**** Material provided ****

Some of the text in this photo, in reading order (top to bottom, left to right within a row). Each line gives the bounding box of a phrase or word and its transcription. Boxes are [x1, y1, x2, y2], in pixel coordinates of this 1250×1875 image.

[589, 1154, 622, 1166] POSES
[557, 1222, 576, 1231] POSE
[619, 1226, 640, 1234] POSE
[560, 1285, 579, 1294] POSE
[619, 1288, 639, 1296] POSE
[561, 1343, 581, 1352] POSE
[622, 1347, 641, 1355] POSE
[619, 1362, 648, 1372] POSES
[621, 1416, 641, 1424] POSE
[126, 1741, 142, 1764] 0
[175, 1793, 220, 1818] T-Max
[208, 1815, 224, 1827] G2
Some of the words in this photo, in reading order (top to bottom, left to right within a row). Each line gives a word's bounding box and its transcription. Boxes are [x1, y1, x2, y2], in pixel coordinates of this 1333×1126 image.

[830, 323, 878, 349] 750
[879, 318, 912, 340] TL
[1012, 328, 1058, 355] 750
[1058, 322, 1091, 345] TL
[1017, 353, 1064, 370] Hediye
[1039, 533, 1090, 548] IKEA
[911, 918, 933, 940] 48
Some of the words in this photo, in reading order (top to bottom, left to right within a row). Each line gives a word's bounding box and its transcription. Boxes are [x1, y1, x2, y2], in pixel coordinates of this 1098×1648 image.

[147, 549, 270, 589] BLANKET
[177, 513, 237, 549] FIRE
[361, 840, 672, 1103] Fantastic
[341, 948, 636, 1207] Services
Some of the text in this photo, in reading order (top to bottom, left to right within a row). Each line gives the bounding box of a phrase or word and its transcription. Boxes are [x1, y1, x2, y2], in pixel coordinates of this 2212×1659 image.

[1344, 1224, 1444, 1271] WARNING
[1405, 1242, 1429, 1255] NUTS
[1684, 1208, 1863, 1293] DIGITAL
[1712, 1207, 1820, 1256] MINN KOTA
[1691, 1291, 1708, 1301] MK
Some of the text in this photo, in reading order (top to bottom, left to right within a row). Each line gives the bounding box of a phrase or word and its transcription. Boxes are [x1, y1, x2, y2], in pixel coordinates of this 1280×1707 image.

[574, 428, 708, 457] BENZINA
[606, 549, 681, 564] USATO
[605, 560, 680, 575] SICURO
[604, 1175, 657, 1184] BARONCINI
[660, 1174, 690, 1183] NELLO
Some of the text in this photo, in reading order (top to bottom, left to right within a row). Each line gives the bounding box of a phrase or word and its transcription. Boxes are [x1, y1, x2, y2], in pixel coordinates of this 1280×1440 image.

****

Work item =>
Copy every entry exactly, leaving nothing out.

Written solution =>
Some of the text in this photo, in reading order (top to bottom, left to right within a row). Each line gives the bounding box of a phrase or word and its transcription. Boxes are [x1, y1, x2, y2], in pixel coordinates of this 1250×1875 image.

[589, 1154, 622, 1166] POSES
[557, 1222, 576, 1231] POSE
[619, 1226, 640, 1234] POSE
[560, 1285, 579, 1294] POSE
[619, 1288, 639, 1296] POSE
[561, 1343, 581, 1352] POSE
[622, 1347, 641, 1355] POSE
[619, 1362, 648, 1372] POSES
[621, 1416, 641, 1424] POSE
[126, 1741, 142, 1764] 0
[175, 1793, 220, 1818] T-Max
[208, 1815, 224, 1827] G2
Some of the words in this photo, in reading order (top to bottom, left to right within a row). Each line gives a word's bounding box and its transcription. Boxes are [x1, y1, x2, y2], in pixel coordinates of this 1333×1126 image.

[830, 323, 878, 349] 750
[879, 318, 912, 340] TL
[1012, 328, 1058, 355] 750
[1058, 322, 1091, 345] TL
[1017, 353, 1064, 370] Hediye
[1039, 533, 1090, 548] IKEA
[911, 918, 933, 940] 48
Some of the words in this photo, in reading order (top to bottom, left to right within a row). Each line gives a word's bounding box and its transcription. Boxes are [x1, y1, x2, y2], in pixel coordinates of this 1098×1648 image.

[147, 549, 270, 589] BLANKET
[177, 513, 237, 549] FIRE
[361, 840, 672, 1103] Fantastic
[341, 948, 636, 1207] Services
Some of the text in this photo, in reading order (top to bottom, left to right within a row). Each line gives the bounding box of a phrase or word and its transcription. Boxes are [x1, y1, x2, y2], in pixel coordinates of this 2212×1659 image.

[1344, 1224, 1444, 1271] WARNING
[1405, 1242, 1429, 1255] NUTS
[1684, 1208, 1863, 1293] DIGITAL
[1712, 1207, 1820, 1256] MINN KOTA
[1691, 1291, 1708, 1301] MK
Some of the text in this photo, in reading order (top to bottom, left to right within a row). Each line gives the bounding box of a phrase or word and its transcription. Boxes are [x1, y1, x2, y2], in pixel coordinates of this 1280×1707 image.

[574, 428, 708, 457] BENZINA
[606, 549, 681, 564] USATO
[605, 560, 680, 575] SICURO
[604, 1175, 657, 1184] BARONCINI
[660, 1174, 690, 1183] NELLO
Some of the text in this photo, in reading order (top to bottom, left to right within a row). Each line gives the bounding box of a phrase or word and its transcription. Boxes are [x1, y1, x2, y2], in pixel coordinates of this 1280×1440 image.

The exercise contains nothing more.